Repubblica 31.5.16
Dietro il voto nelle città le manovre dei centristi
Il bivio del premier, senza vittoria piena sarà compromesso
Migranti e ripresa economica al minimo creano uno sfondo insidioso Palazzo Chigi ormai diviso da un fossato con la sinistra del Pd
di Stefano Folli
NON c’è alcun nesso fra le due cariche, ma anche i simboli hanno la loro importanza. E proprio un nome simbolo dell’epoca di “Mani Pulite”, l’allora giovane pm Greco, occupa da ieri la poltrona di procuratore di Milano. È noto che da qualche settimana un altro magistrato che ci rimanda in modo emblematico a quella stagione, Davigo, è il presidente dell’Associazione Nazionale Magistrati.
Greco è conosciuto per le sue qualità professionali, per la competenza nel campo dei reati finanziari e per l’equilibrio. La sua nomina da parte del Csm è figlia di una votazione ampia e convinta, ma è anche una prova di autonomia da parte del Consiglio. E da oggi due delle voci più importanti della magistratura, sia pure con incarichi non paragonabili fra loro, rinviano idealmente entrambe al biennio tumultuoso in cui la Prima Repubblica collassò, aprendo la porta a una lunga, tormentata e per certi versi non ancora conclusa transizione. Sotto un certo aspetto Greco e Davigo sono simboli che parlano alla debole politica di oggi. In qualche misura costituiscono un invito implicito a rendere più credibile il paese sul piano della legalità. Un messaggio abbastanza chiaro ai palazzi romani perché rendano meno opachi i processi politici e i giochi dietro le quinte.
Vale la pena notare che tale messaggio arriva mentre mancano pochi giorni al passaggio non secondario del voto nelle città. Ed è evidente che dietro il palcoscenico della politica sono cominciate alcune grandi manovre. Lo sfondo è drammatico soprattutto per due ragioni. Da un lato, le ondate degli immigrati aumentano con il progredire della bella stagione e portano con sé nuove tragedie del mare: l’Italia è, al solito, quasi sola nel fronteggiare la crisi.

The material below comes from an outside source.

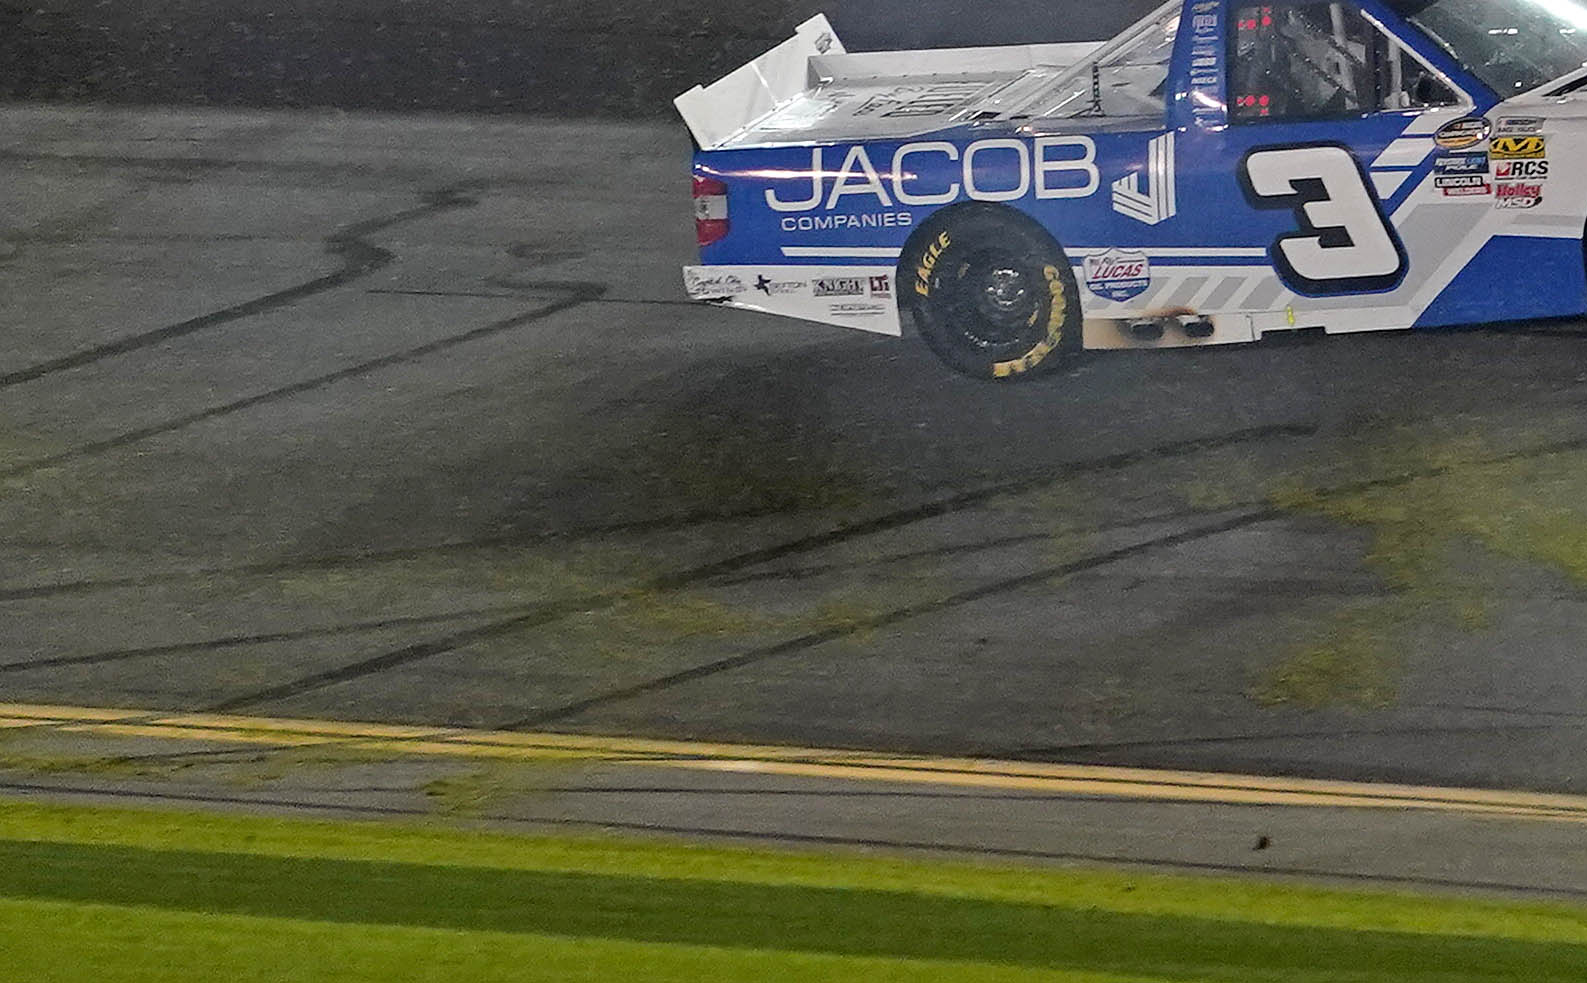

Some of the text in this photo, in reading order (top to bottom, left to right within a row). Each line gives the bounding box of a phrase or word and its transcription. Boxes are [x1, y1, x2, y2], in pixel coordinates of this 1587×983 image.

Dall’altro, la ripresa economica è minima, quasi impercettibile per l’italiano medio, il cui malessere diffuso non può non inquietare (vedi l’analisi di Ilvo Diamanti ieri su questo giornale).
IN questo clima molti prevedono un aumento dell’astensionismo. Ma la fuga dalle urne, che fu incoraggiata in occasione del referendum sulle trivelle, oggi rischia di imporre un prezzo salato alle forze di governo: sia nelle amministrative di domenica e del 19 giugno, sia nella consultazione di ottobre sulle riforme. Lì soprattutto l’astensione potrebbe falsare i pronostici e offrire qualche sorpresa. Allora ecco le manovre, inevitabili quando la situazione non è chiara. Berlusconi torna a definirsi “di centro” e rilancia la prospettiva di un governo di “larghe intese” dopo il referendum d’autunno: chiede alla sua opinione di votare No, ma in cuor suo pensa che anche una vittoria di Renzi, cioè del Sì, purché striminzita nei numeri - quindi non il famoso plebiscito cercato dal premier - possa servire ugualmente allo scopo.
Alfano da parte sua lancia l’ipotesi di una nuova alleanza centrista, con un nome nuovo e si spera con maggiore capacità di attrarre consenso. Il ministro dell’Interno intuisce che deve giocare d’anticipo per non rischiare che il suo piccolo partito, accreditato dai sondaggi fra il 3 e il 4 per cento, finisca nell’angolo. Il gruppo di Verdini è a sua volta in azione: non certo per entrare nel “partito della nazione”, come qualcuno sostiene con superficialità, bensì per costituire una testa di ponte “centrista” (di nuovo il richiamo al Centro che sta tornando di moda) e condizionare il Pd soprattutto nella prossima legislatura. Quando la convivenza fra renziani e sinistra dovrebbe rivelarsi impossibile.
In effetti il referendum sta scavando un fossato fra il Pd del premier e il Pd dei suoi oppositori interni. È presto per parlare di scissione perché un posto in lista alle elezioni interessa a tanti, più di quanto faccia gola un’avventura alla ricerca di uno spazio esterno. Ma è chiaro che il referendum è la linea del Piave degli anti-renziani. Quindi le insidie che minacciano il presidente del Consiglio sono numerose e i prossimi appuntamenti appaiono cruciali. Qualsiasi mezza vittoria lo obbligherà a un compromesso. Mai come stavolta la vittoria limpida è l’unica opzione di un leader che si è bruciato molti vascelli alle spalle.